Licensure tests: depending on who you ask, they're either an important check on a prospective teacher's knowledge before entering the profession or a burdensome requirement that keeps good candidates out of the classroom. A new study from CALDER researchers Dan Goldhaber, Trevor Gratz, and Roddy Theobald takes a look at the validity of a battery of tests taken by aspiring Washington state teachers.
The researchers studied the relationship between two kinds of licensing tests used in the state and student performance. Specifically, they examined the basic skills test that almost every Washington teacher must take in order to gain admission to a teacher preparation program and subject matter tests, limited in this study to teachers taking secondary math and biology tests.
The findings were mixed. The state's basic skills test served as a "modest" predictor of student outcomes in math and ninth-grade biology. So, too, was the biology test quite predictive. However, the math test was not particularly effective in predicting student performance.
What could explain a result that says subject matter knowledge in biology does matter but math does not?
Author Dan Goldhaber offers this insight: "The short answer is that we really don't fully understand these different results because there is so little evidence to date about what predicts the effectiveness of science teachers. A bit of speculation, however. It is important to remember here that we did find a relationship in math, just not as strong a one as might have been expected. After all, teachers who did better on the basic skills test—which includes math—were more effective.

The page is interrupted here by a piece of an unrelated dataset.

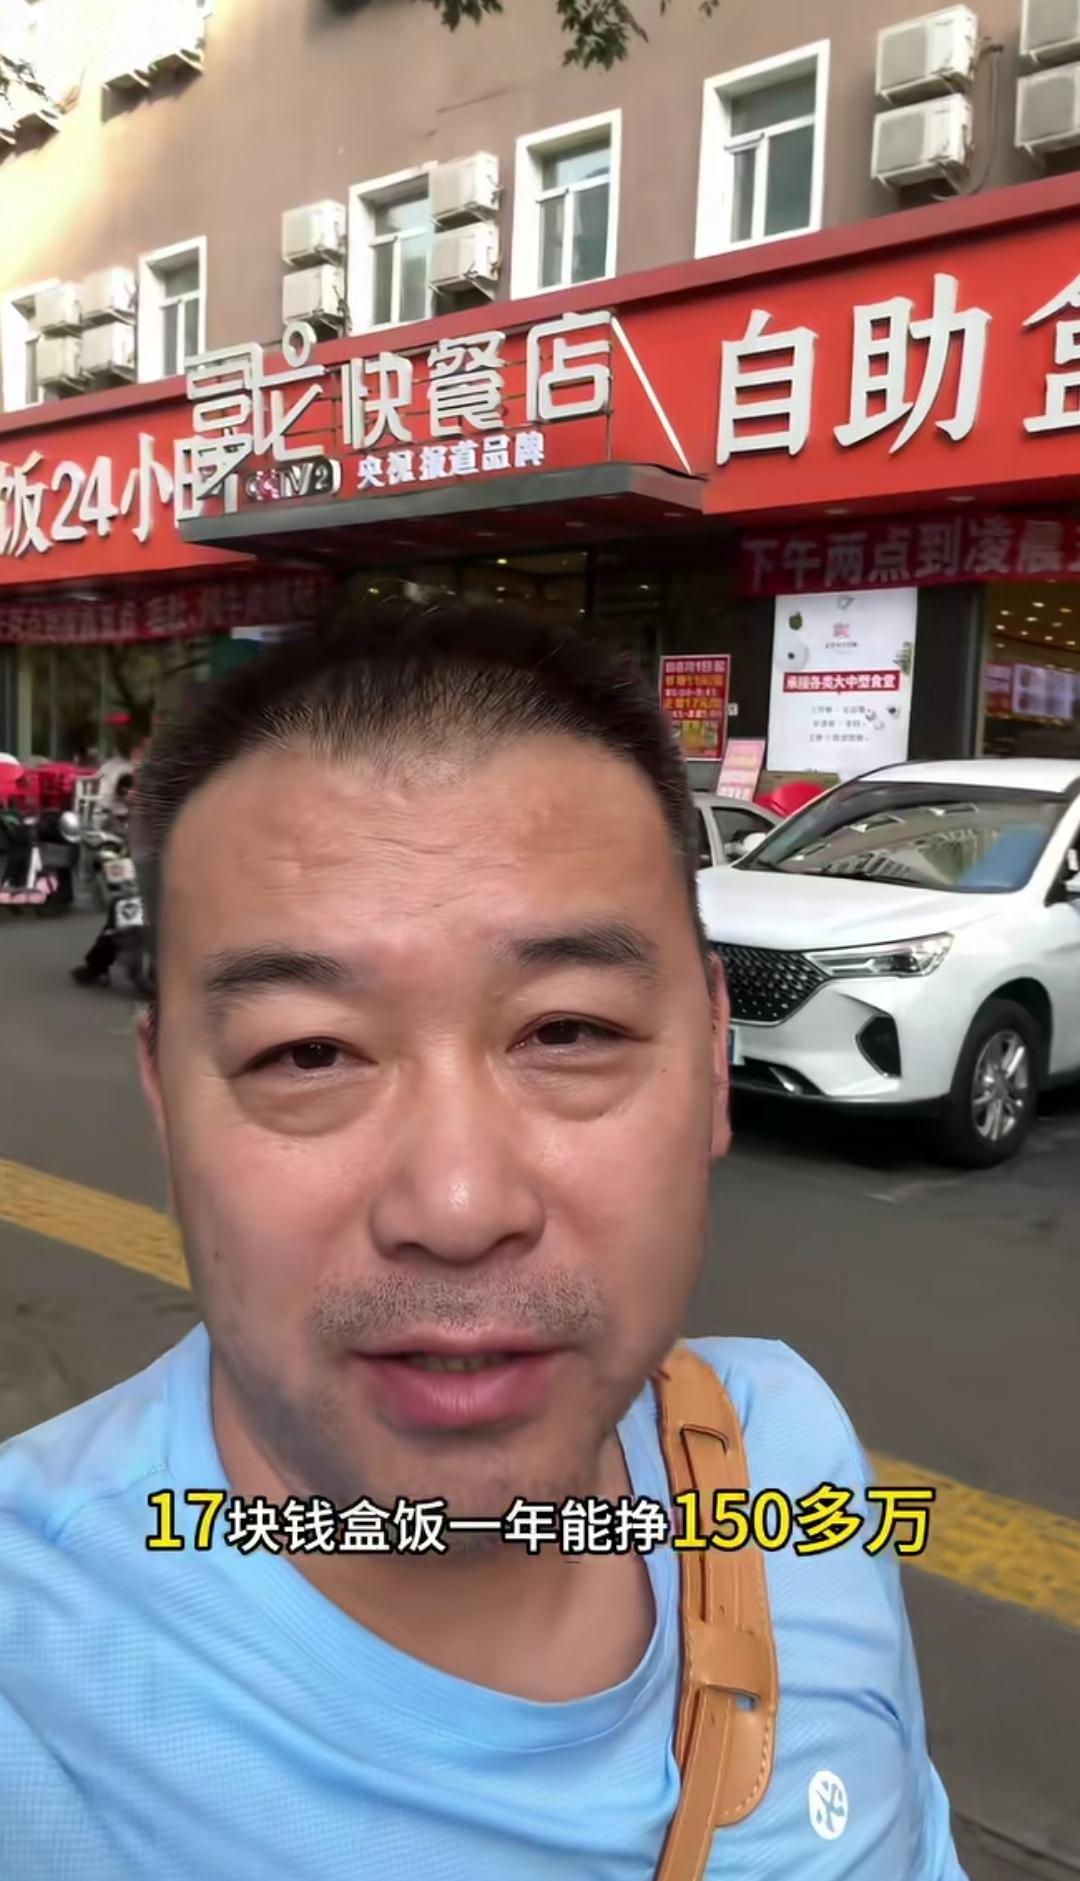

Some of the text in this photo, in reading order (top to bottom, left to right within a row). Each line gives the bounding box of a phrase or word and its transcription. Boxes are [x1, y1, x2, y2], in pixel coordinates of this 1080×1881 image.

[742, 514, 1080, 592] 下午两点到凌晨

It would not surprise me if the math subject tests would have turned out to be more predictive for later high school math courses, such as calculus, where a teacher's specific content knowledge of calculus is without question important."
To that point, we were surprised to read that this study was enough for at least one education advocacy group, MarylandCAN, to issue a call for the end to meaningless licensing tests—in our view, a hair's breadth away from asserting that teacher's subject matter knowledge doesn't really matter. A slippery slope, indeed.